The Federal Aviation Administration (FAA) released its proposed set of rules for regulating the use of unmanned aircraft systems, commonly known as drones, for commercial purposes.

Drone experts have largely predicted any drone rules coming from the FAA to be "brutally restrictive," but many believe the proposed rules are fair and sensible. If approved, the FAA's rules will require commercial drone operators to operate their aircraft systems only during the day and within their visual line of sight. The FAA says drone operators must still see the drone at all times without the help of binoculars, although glasses are accepted as a vision aid.

Operators will be required to pass an aeronautical knowledge test to obtain certification to operate a drone, and they will need to maintain certification by passing additional knowledge tests every 24 months to ensure they are updated with the latest knowledge in aviation.

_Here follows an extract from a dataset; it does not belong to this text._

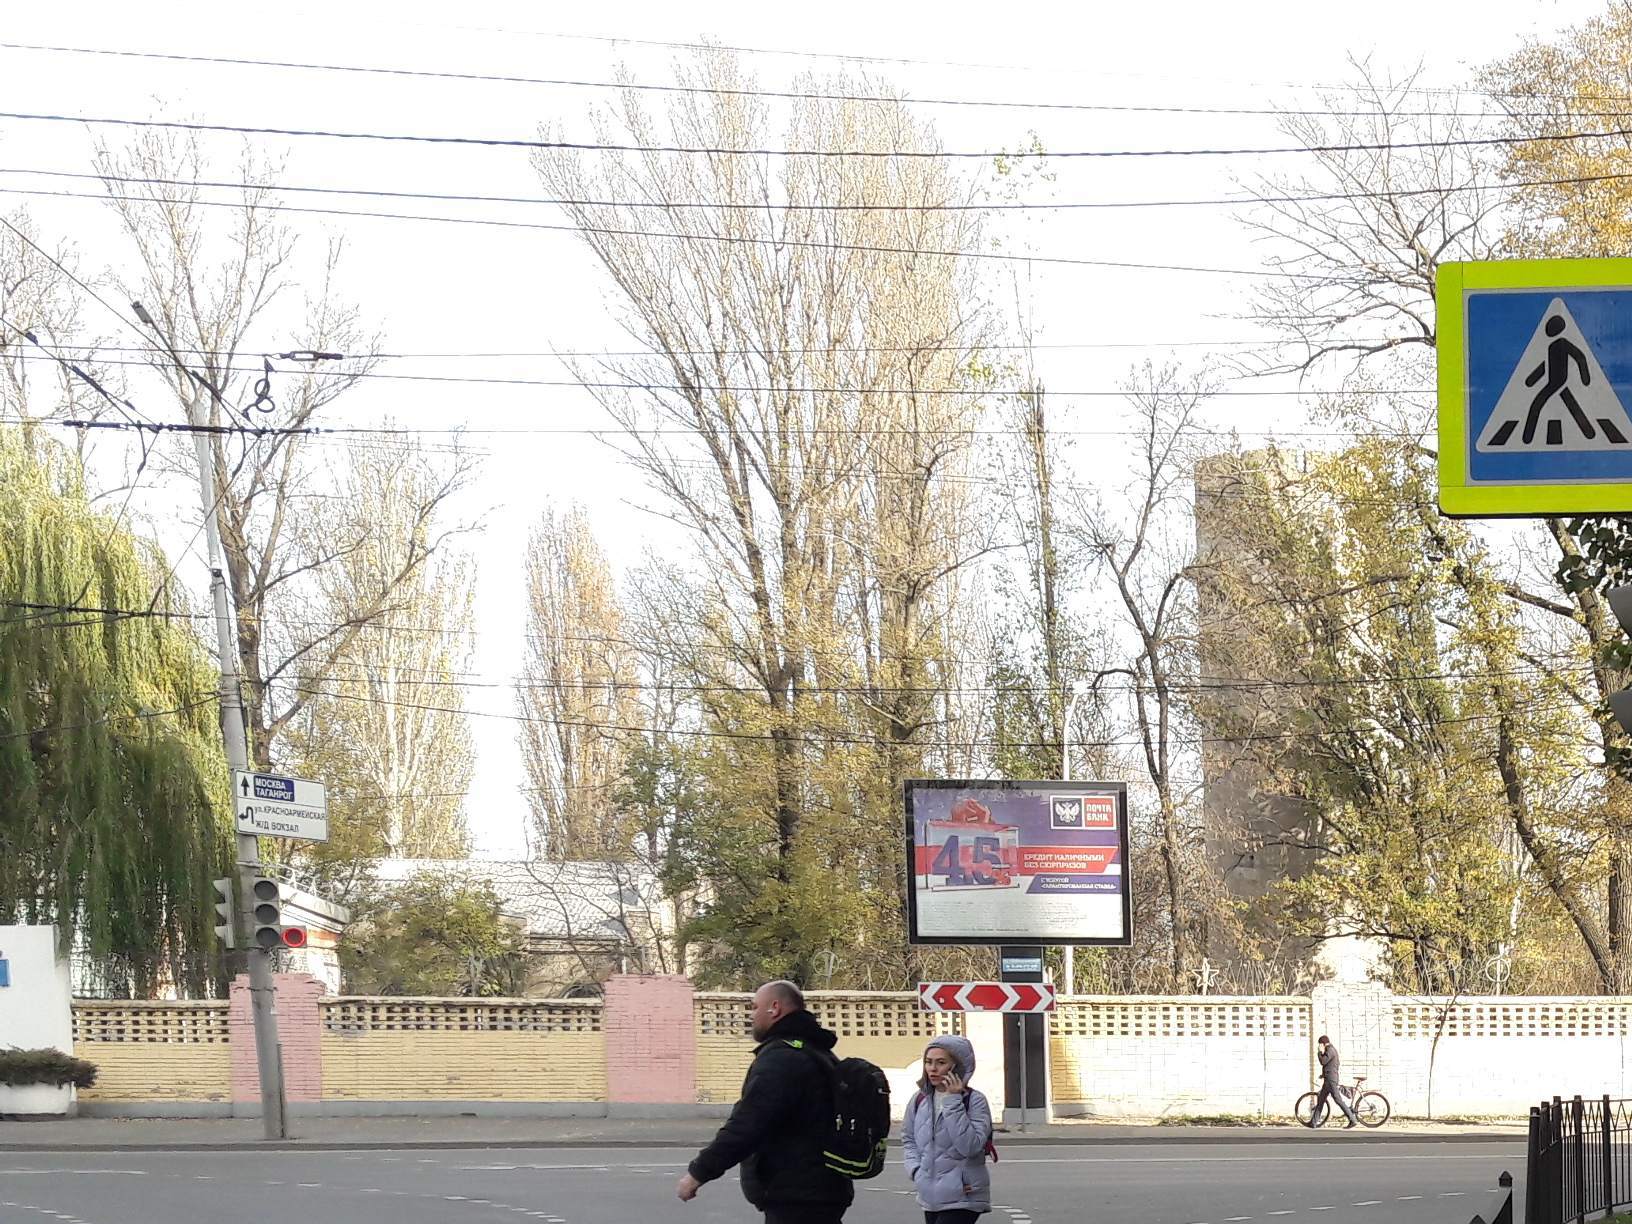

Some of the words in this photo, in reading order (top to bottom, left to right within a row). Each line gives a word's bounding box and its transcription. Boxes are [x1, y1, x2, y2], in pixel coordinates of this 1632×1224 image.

The FAA estimates the cost of obtaining certificates to be around $300. No commercial drone operators under 17 years of age will be allowed.

Commercial drones will also not exceed more than 55 pounds in weight and can travel only up to 100 miles per hour and not above 500 feet up in the air, which is well below the airspace used by manned aircraft but a little above the 400 feet approved by the FAA in commercial operators approved under waivers. They are also not allowed to fly above other people aside from the operators.

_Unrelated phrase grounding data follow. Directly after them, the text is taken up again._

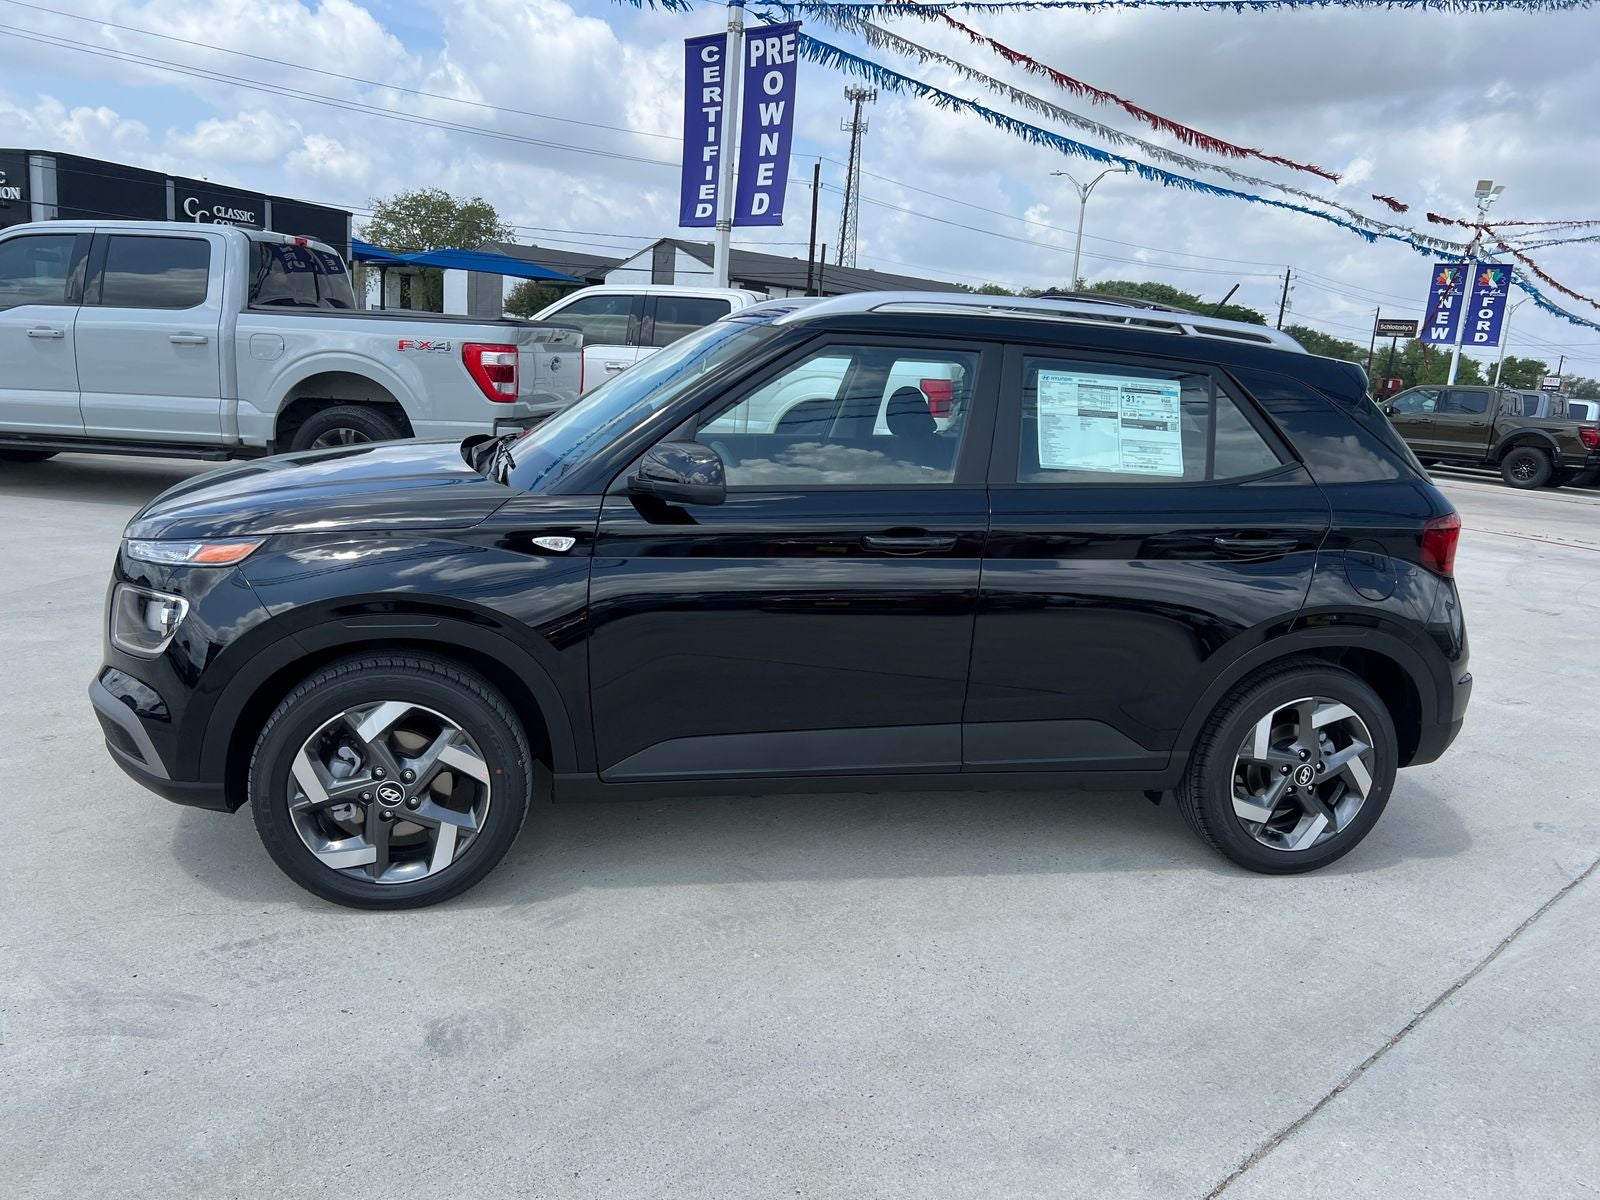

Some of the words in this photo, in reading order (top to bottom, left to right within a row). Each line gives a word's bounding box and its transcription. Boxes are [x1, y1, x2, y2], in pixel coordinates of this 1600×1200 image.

[750, 33, 796, 68] PRE
[694, 45, 722, 218] CERTIFIED
[751, 70, 785, 216] OWNED
[213, 205, 255, 223] CLASSIC
[1431, 296, 1453, 340] NEW
[1473, 297, 1495, 343] FORD
[397, 339, 452, 352] FX4
[1125, 394, 1135, 402] 31

"We have tried to be flexible in writing these rules," says FAA administrator Michael Huerta in a statement. "We want to maintain today's outstanding level of aviation safety without placing an undue regulatory burden on an emerging industry."

The FAA recognizes the role of drones as a potential powerhouse in driving economic gain and technological innovation, especially in fields such as agriculture, public security, search and rescue, and disaster response.

For the most part, trade groups applaud the FAA's proposal, which took roughly a decade to draft. Marion C. Blakey, president of the Aerospace Industries Association, says the rules "would pave the way for additional service organizations and industries to explore expanded operations" with the use of drones. This is echoed by Bryan Wynne, president and CEO of the Association for Unmanned Vehicle Systems International, who calls the rules "a good first step" toward taking full advantage of drone technology.

But at least one major company is not happy with the proposed rules. For Amazon, the FAA's proposal about restricting flight to within the operator's line of vision means its envisioned Prime Air drone delivery service is not going to happen anytime soon.

"The FAA's proposed rules for small (unmanned aircraft systems) could take one or two years to be adopted and, based on the proposal, even then those rules wouldn't allow Prime Air to operate in the United States," says Paul Misener, vice president of global public policy at Amazon. "The FAA needs to begin and expeditiously complete the formal process to address the needs of our business, and ultimately our customers."

Last year, Amazon said it would test its drone delivery service in other countries if the FAA does not provide permission to allow flying drones beyond the line of sight of the operator. Amazon is expected to submit its comment during the 60-day comment period allowed by the FAA before it proceeds to approve the regulation.

The proposed rules only apply to commercial drone operators and not to recreational and hobbyist drone operators, who are governed by a different set of rules.